- **Material for the task**:
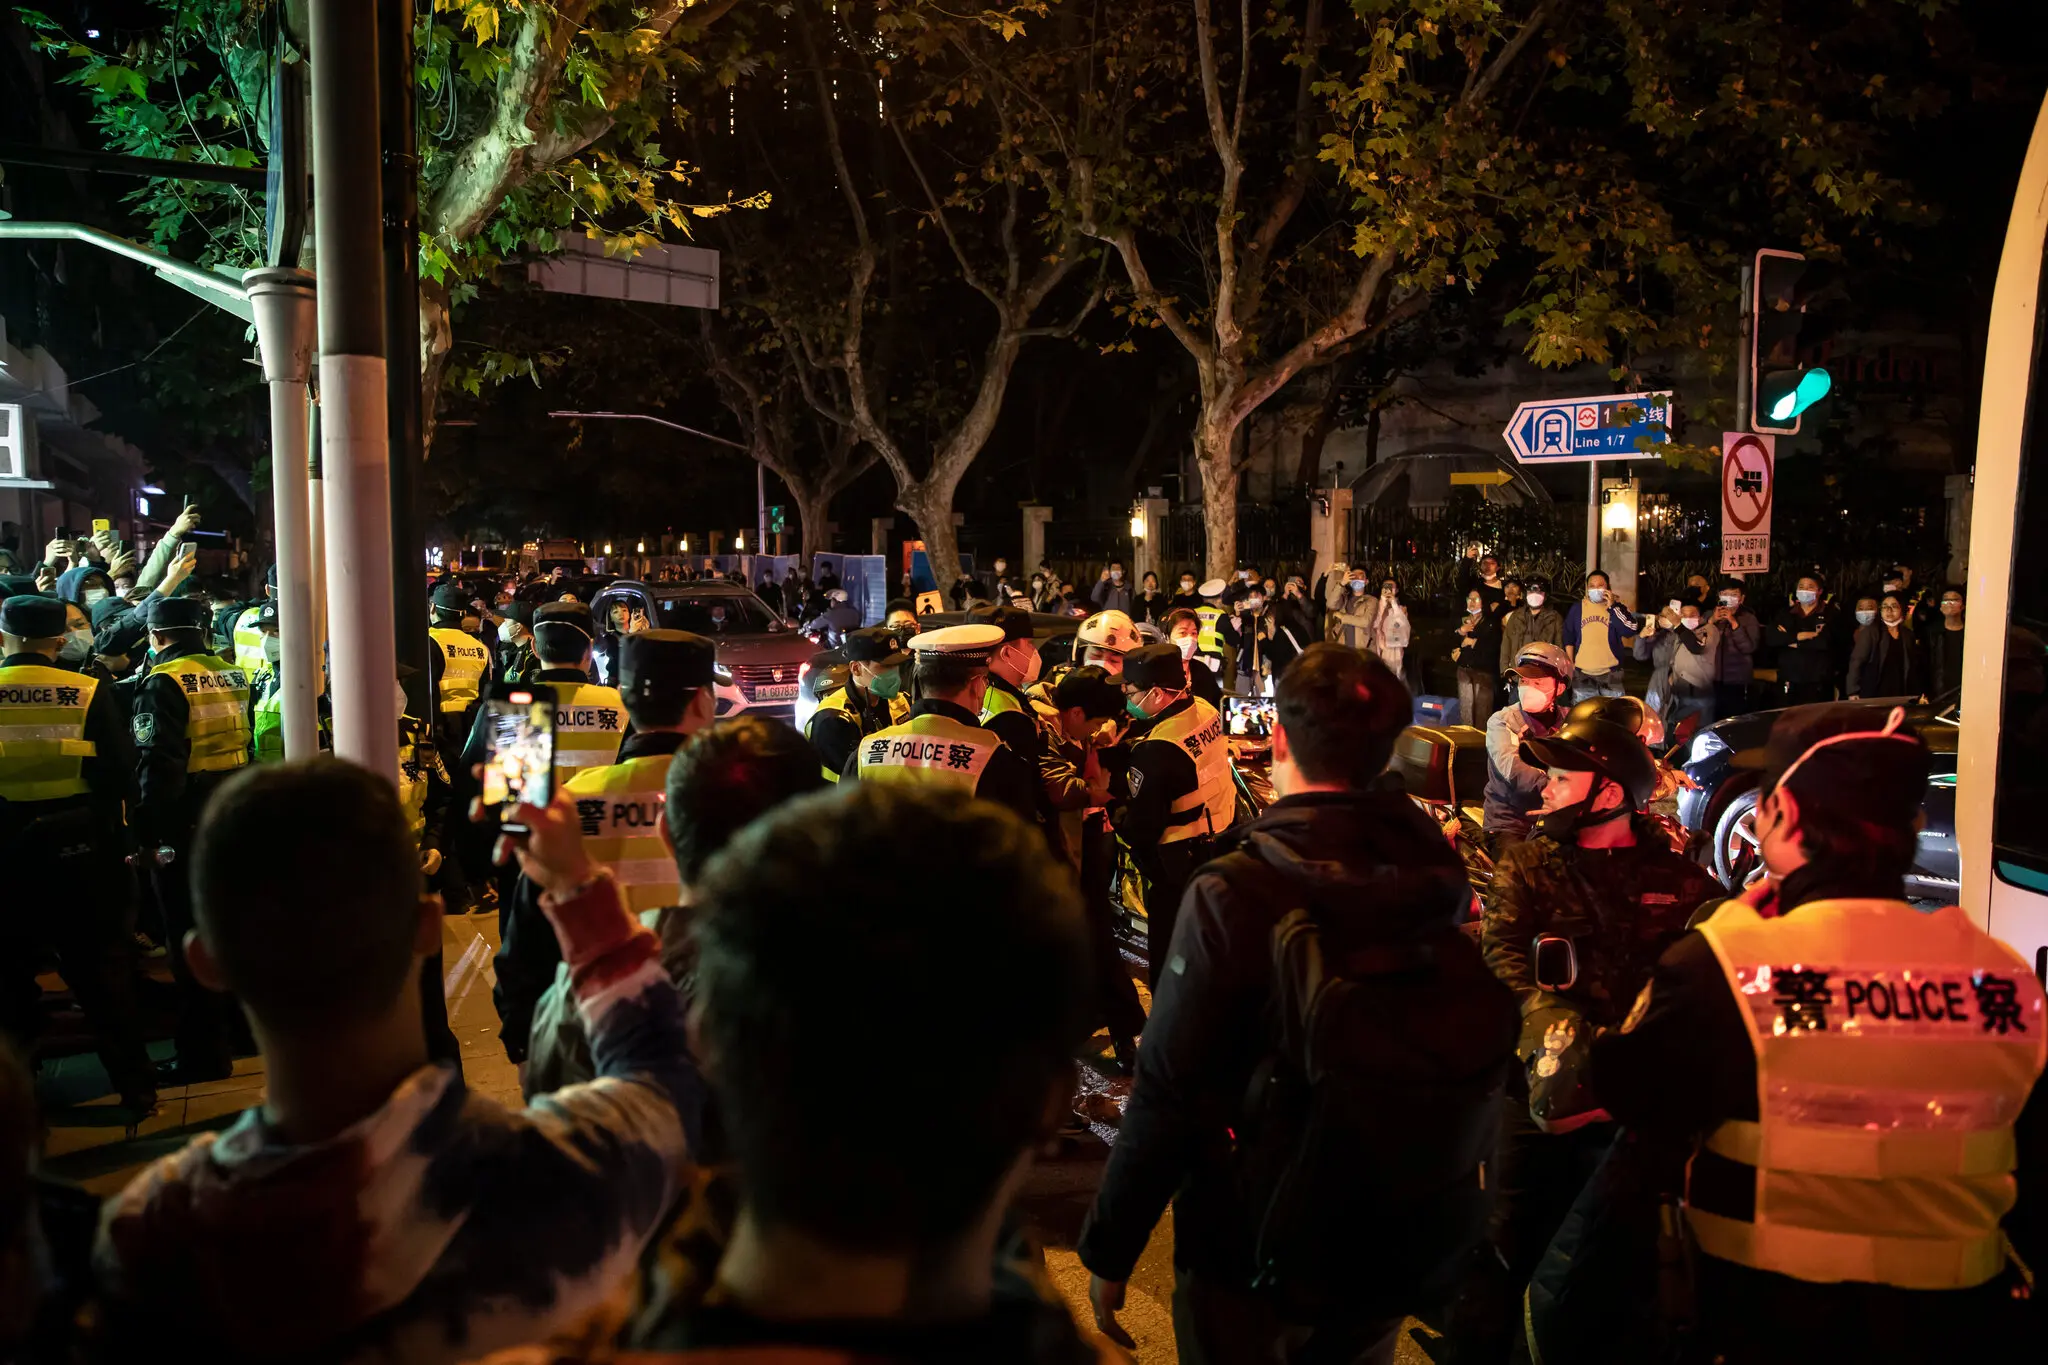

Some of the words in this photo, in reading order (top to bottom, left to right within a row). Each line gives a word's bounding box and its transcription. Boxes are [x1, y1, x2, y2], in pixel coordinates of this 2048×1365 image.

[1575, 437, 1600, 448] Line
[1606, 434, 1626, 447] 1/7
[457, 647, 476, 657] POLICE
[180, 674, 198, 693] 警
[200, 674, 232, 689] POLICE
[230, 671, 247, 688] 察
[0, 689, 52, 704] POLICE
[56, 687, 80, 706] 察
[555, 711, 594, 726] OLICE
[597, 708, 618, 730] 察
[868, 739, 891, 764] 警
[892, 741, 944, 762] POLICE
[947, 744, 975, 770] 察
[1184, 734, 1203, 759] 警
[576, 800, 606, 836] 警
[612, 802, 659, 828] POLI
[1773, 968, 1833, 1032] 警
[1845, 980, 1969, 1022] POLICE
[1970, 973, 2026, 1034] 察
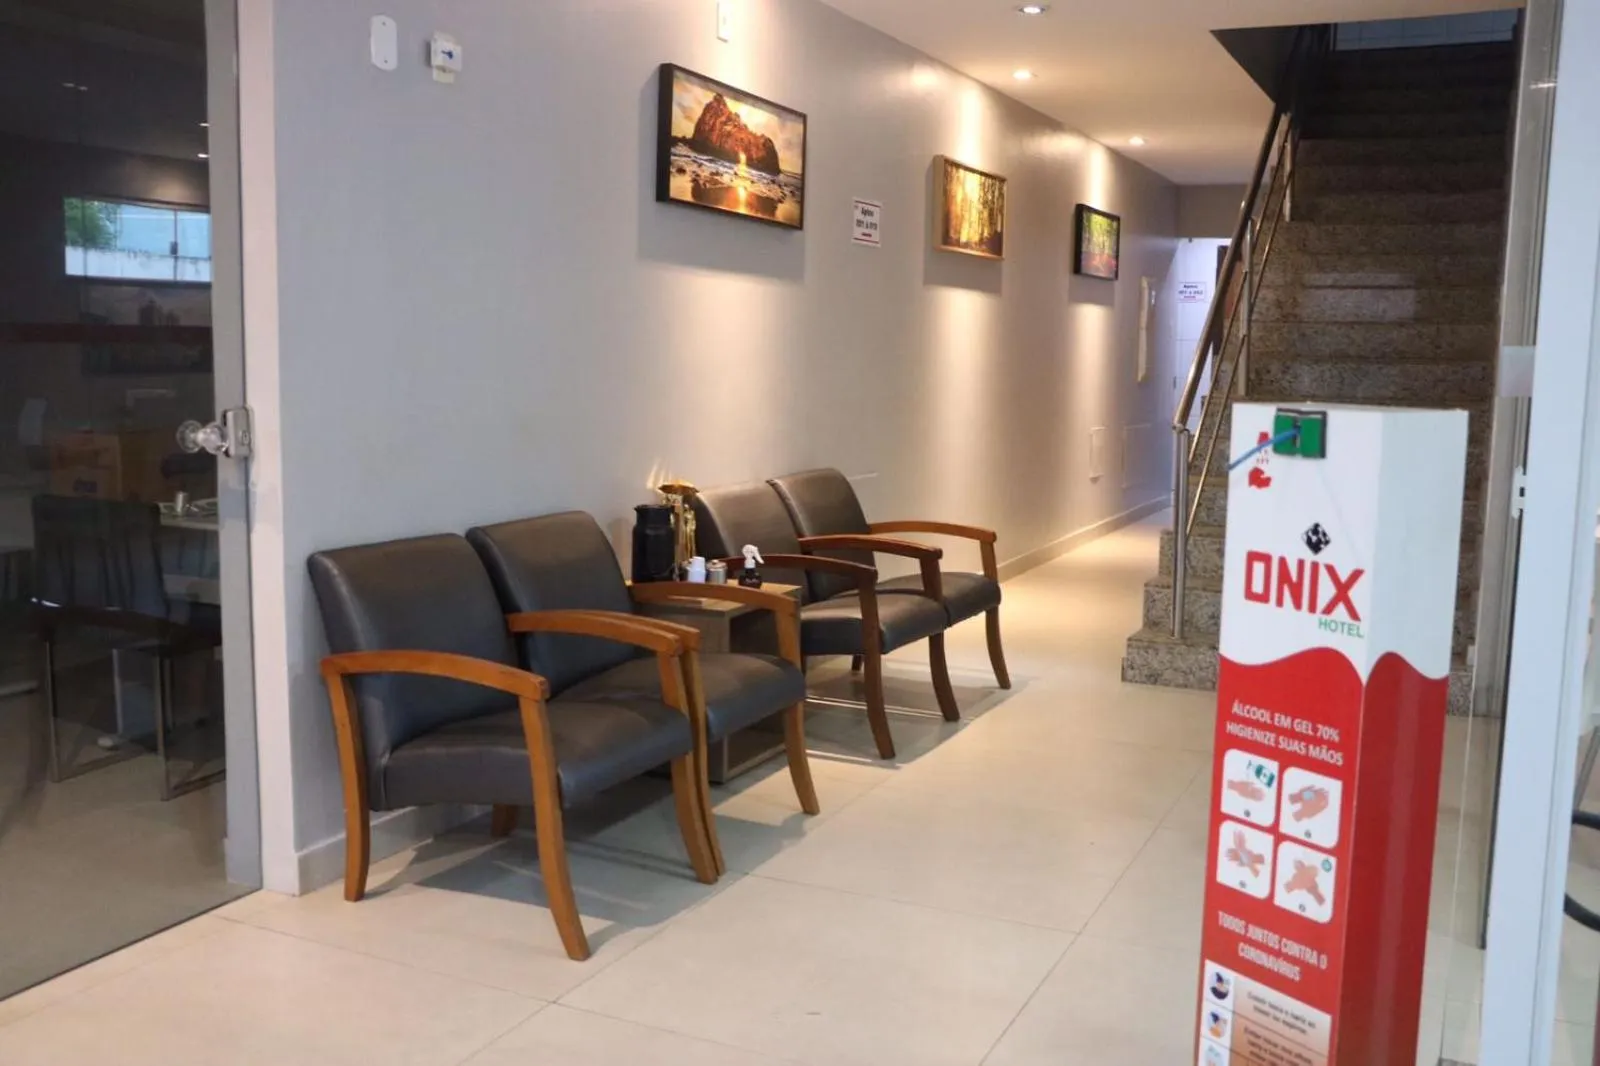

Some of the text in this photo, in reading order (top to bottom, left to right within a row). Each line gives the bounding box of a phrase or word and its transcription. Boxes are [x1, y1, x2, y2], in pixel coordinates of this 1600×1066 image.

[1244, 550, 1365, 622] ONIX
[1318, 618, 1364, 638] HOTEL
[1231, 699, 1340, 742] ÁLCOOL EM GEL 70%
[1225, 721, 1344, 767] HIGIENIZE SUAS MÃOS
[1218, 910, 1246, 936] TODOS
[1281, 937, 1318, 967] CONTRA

- **Your task**: Return exactly what appears in the records from the line with "Some of the text" through the final line, and nothing else.

- **Result for this exercise**:
Some of the text in this photo, in reading order (top to bottom, left to right within a row). Each line gives the bounding box of a phrase or word and its transcription. Boxes are [x1, y1, x2, y2], in pixel coordinates of this 1600×1066 image.

[1244, 550, 1365, 622] ONIX
[1318, 618, 1364, 638] HOTEL
[1231, 699, 1340, 742] ÁLCOOL EM GEL 70%
[1225, 721, 1344, 767] HIGIENIZE SUAS MÃOS
[1218, 910, 1246, 936] TODOS
[1281, 937, 1318, 967] CONTRA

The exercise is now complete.